[[ DATA SHOWN open ]]

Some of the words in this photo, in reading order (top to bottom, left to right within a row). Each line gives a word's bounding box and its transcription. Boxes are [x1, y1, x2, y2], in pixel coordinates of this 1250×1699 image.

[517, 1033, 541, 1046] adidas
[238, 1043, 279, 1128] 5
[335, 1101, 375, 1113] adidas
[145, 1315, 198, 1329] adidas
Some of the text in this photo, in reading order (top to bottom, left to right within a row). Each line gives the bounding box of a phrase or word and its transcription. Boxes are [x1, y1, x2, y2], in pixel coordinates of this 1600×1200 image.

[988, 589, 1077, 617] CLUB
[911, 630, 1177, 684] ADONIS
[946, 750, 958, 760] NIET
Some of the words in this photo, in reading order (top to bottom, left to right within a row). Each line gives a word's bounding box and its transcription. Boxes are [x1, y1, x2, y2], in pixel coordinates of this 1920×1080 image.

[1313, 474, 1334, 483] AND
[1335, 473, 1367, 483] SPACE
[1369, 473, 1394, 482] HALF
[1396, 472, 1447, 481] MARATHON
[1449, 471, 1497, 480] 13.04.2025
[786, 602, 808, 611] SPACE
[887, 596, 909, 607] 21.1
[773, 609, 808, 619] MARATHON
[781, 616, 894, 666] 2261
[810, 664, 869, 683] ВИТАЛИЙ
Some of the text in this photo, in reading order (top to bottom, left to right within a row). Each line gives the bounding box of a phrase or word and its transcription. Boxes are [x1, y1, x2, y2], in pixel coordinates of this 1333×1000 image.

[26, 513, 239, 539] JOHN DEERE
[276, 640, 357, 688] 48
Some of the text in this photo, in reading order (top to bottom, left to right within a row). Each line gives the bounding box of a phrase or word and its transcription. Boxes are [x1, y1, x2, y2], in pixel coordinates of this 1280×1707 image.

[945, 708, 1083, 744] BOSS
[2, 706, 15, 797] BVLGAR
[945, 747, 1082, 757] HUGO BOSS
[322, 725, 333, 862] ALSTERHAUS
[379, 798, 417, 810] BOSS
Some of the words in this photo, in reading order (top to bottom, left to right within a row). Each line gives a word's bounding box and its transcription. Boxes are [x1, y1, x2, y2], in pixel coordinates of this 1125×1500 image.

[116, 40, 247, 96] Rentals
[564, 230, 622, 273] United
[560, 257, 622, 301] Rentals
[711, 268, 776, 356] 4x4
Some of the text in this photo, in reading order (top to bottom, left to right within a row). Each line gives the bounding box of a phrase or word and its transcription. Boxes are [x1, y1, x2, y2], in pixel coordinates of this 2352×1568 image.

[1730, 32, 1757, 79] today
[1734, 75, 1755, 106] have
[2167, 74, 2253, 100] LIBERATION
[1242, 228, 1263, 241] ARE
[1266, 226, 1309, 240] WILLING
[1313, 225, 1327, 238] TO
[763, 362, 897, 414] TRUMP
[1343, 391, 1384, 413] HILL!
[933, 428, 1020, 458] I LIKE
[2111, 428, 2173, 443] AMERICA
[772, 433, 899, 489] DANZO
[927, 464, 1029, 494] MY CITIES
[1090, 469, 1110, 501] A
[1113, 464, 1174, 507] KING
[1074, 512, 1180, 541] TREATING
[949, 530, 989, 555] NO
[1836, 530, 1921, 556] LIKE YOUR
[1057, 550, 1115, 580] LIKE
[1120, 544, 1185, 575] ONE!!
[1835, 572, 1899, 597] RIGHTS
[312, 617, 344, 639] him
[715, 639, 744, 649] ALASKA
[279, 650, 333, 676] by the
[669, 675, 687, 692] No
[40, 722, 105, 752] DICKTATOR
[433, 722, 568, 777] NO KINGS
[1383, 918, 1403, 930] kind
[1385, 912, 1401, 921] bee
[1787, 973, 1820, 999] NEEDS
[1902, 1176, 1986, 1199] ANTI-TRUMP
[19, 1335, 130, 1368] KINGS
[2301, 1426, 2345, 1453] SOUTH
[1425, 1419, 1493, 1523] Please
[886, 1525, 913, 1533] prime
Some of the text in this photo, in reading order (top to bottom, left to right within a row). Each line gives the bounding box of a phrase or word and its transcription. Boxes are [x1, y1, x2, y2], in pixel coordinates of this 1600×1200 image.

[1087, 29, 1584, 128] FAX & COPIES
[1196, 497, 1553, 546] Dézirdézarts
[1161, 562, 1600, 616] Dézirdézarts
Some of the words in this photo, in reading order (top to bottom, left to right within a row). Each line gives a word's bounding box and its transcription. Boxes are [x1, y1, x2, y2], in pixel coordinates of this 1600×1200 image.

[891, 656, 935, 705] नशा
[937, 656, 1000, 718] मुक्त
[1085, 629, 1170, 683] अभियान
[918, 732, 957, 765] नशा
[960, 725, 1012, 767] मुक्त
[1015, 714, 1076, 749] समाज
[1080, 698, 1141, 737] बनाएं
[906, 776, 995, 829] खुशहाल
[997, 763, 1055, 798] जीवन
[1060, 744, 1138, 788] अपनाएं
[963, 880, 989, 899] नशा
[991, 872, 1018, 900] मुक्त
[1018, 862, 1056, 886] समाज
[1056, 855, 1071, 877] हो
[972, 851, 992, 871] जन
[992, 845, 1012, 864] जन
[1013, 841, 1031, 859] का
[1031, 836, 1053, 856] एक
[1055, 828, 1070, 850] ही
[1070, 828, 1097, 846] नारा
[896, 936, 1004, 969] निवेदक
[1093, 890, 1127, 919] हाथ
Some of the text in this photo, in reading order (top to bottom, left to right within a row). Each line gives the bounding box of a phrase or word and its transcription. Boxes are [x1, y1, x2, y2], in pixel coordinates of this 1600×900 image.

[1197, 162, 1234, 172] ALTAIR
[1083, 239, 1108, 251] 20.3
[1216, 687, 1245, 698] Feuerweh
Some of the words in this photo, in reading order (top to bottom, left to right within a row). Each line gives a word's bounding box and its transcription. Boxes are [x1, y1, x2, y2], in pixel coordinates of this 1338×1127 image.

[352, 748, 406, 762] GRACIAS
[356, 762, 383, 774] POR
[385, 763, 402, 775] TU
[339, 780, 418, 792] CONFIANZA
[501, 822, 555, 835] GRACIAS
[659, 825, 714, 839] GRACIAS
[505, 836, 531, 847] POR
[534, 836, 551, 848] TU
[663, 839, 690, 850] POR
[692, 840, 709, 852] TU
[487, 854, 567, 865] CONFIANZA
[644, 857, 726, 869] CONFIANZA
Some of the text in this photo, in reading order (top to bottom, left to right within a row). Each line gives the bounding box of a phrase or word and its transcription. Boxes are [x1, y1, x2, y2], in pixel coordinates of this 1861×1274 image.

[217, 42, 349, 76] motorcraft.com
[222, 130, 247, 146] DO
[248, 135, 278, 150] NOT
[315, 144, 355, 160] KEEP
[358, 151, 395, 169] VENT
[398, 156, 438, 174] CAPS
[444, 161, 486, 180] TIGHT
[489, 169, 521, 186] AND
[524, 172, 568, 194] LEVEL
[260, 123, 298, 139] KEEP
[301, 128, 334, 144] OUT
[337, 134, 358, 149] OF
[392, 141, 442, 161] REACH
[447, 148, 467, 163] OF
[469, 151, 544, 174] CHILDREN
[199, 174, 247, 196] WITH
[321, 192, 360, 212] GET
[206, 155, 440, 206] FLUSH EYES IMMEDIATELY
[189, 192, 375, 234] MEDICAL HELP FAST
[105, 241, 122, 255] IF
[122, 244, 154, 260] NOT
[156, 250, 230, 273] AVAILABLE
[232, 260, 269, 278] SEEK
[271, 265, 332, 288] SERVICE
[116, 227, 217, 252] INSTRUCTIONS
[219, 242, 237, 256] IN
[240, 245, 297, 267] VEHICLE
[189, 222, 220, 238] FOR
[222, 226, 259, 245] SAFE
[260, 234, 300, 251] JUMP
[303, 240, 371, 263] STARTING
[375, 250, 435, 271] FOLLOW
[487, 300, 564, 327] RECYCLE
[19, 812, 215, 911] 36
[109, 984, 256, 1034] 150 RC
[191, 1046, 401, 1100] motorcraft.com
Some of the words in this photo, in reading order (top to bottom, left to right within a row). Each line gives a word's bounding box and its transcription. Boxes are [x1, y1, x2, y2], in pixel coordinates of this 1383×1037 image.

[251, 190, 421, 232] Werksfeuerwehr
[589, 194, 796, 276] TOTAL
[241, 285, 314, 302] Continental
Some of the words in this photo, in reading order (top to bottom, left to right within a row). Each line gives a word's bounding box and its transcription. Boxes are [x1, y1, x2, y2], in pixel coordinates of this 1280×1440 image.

[[ DATA SHOWN closed ]]

* TRY IT:
Please give back only the lines starting with the one that contains "this 1383×1037 image." and ending with the last line of the listing, retyped exactly.

* OUTPUT BELOW:
Some of the words in this photo, in reading order (top to bottom, left to right within a row). Each line gives a word's bounding box and its transcription. Boxes are [x1, y1, x2, y2], in pixel coordinates of this 1383×1037 image.

[251, 190, 421, 232] Werksfeuerwehr
[589, 194, 796, 276] TOTAL
[241, 285, 314, 302] Continental
Some of the words in this photo, in reading order (top to bottom, left to right within a row). Each line gives a word's bounding box and its transcription. Boxes are [x1, y1, x2, y2], in pixel coordinates of this 1280×1440 image.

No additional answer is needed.